▶ **DATA FOR ANALYSIS**:
__________

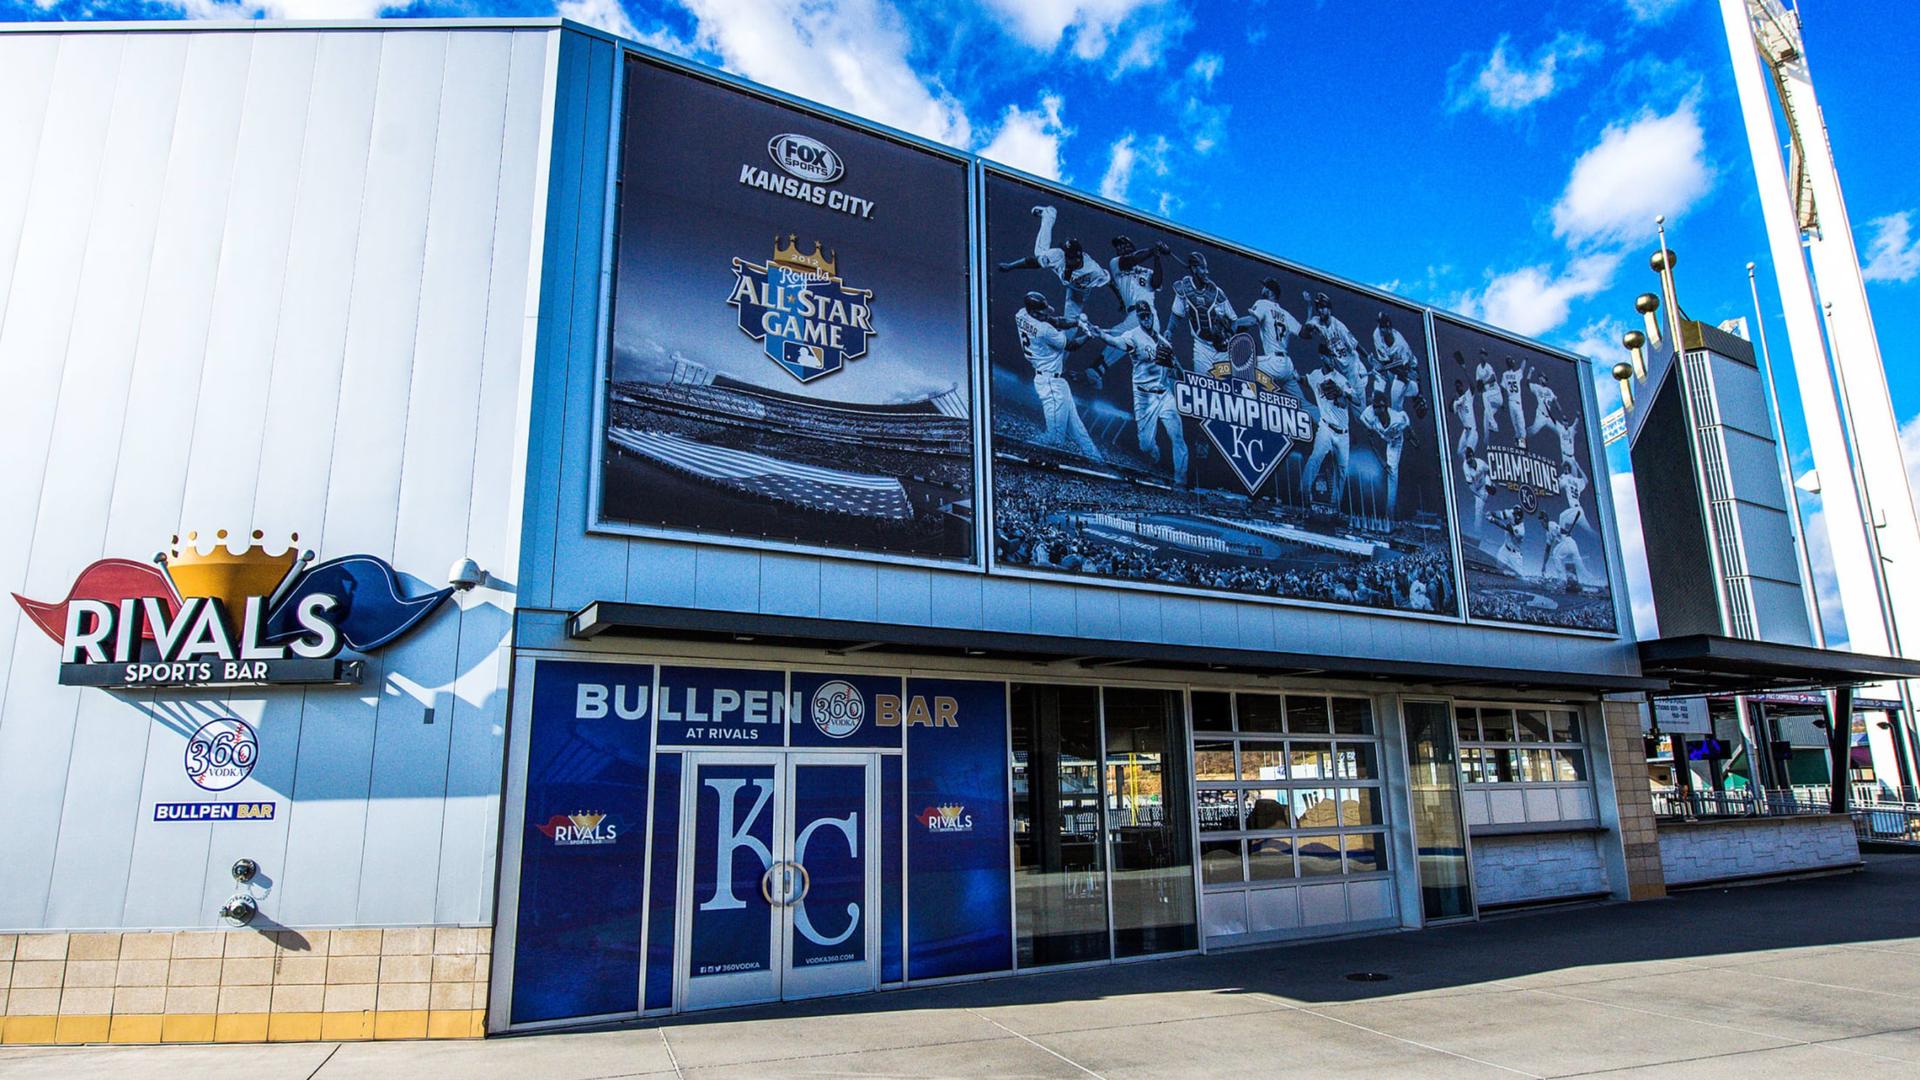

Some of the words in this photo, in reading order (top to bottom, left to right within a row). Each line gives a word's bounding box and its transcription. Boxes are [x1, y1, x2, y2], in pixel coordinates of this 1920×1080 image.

[785, 140, 828, 168] FOX
[785, 158, 828, 177] SPORTS
[739, 164, 826, 206] KANSAS
[828, 190, 874, 219] CITY
[791, 254, 818, 266] 2012
[778, 265, 831, 291] Royals
[734, 275, 791, 313] ALL
[797, 290, 869, 331] STAR
[761, 311, 845, 349] GAME
[1187, 373, 1231, 394] WORLD
[1259, 391, 1298, 409] SERIES
[1176, 383, 1312, 441] CHAMPIONS
[1230, 425, 1266, 473] KC
[1487, 445, 1525, 456] AMERICAN
[1528, 452, 1557, 466] LEAGUE
[1487, 452, 1560, 495] CHAMPIONS
[61, 593, 339, 664] RIVALS
[125, 662, 212, 682] SPORTS
[224, 662, 268, 681] BAR
[575, 682, 803, 725] BULLPEN
[875, 694, 959, 728] BAR
[815, 691, 863, 725] 360
[686, 728, 705, 740] AT
[709, 728, 759, 740] RIVALS
[187, 731, 258, 777] 360
[209, 768, 245, 777] VODKA
[156, 804, 233, 819] BULLPEN
[236, 803, 274, 819] BAR
[929, 815, 973, 829] RIVALS
[555, 825, 617, 841] RIVALS
[722, 961, 761, 972] 360VODKA
[805, 953, 855, 965] VODKA360.COM

__________

▶ **TASK OBJECTIVE**: Everything in the records above should be retyped exactly except the pictures.

▶ **REPLY TO THE TASK**:
Some of the words in this photo, in reading order (top to bottom, left to right within a row). Each line gives a word's bounding box and its transcription. Boxes are [x1, y1, x2, y2], in pixel coordinates of this 1920×1080 image.

[785, 140, 828, 168] FOX
[785, 158, 828, 177] SPORTS
[739, 164, 826, 206] KANSAS
[828, 190, 874, 219] CITY
[791, 254, 818, 266] 2012
[778, 265, 831, 291] Royals
[734, 275, 791, 313] ALL
[797, 290, 869, 331] STAR
[761, 311, 845, 349] GAME
[1187, 373, 1231, 394] WORLD
[1259, 391, 1298, 409] SERIES
[1176, 383, 1312, 441] CHAMPIONS
[1230, 425, 1266, 473] KC
[1487, 445, 1525, 456] AMERICAN
[1528, 452, 1557, 466] LEAGUE
[1487, 452, 1560, 495] CHAMPIONS
[61, 593, 339, 664] RIVALS
[125, 662, 212, 682] SPORTS
[224, 662, 268, 681] BAR
[575, 682, 803, 725] BULLPEN
[875, 694, 959, 728] BAR
[815, 691, 863, 725] 360
[686, 728, 705, 740] AT
[709, 728, 759, 740] RIVALS
[187, 731, 258, 777] 360
[209, 768, 245, 777] VODKA
[156, 804, 233, 819] BULLPEN
[236, 803, 274, 819] BAR
[929, 815, 973, 829] RIVALS
[555, 825, 617, 841] RIVALS
[722, 961, 761, 972] 360VODKA
[805, 953, 855, 965] VODKA360.COM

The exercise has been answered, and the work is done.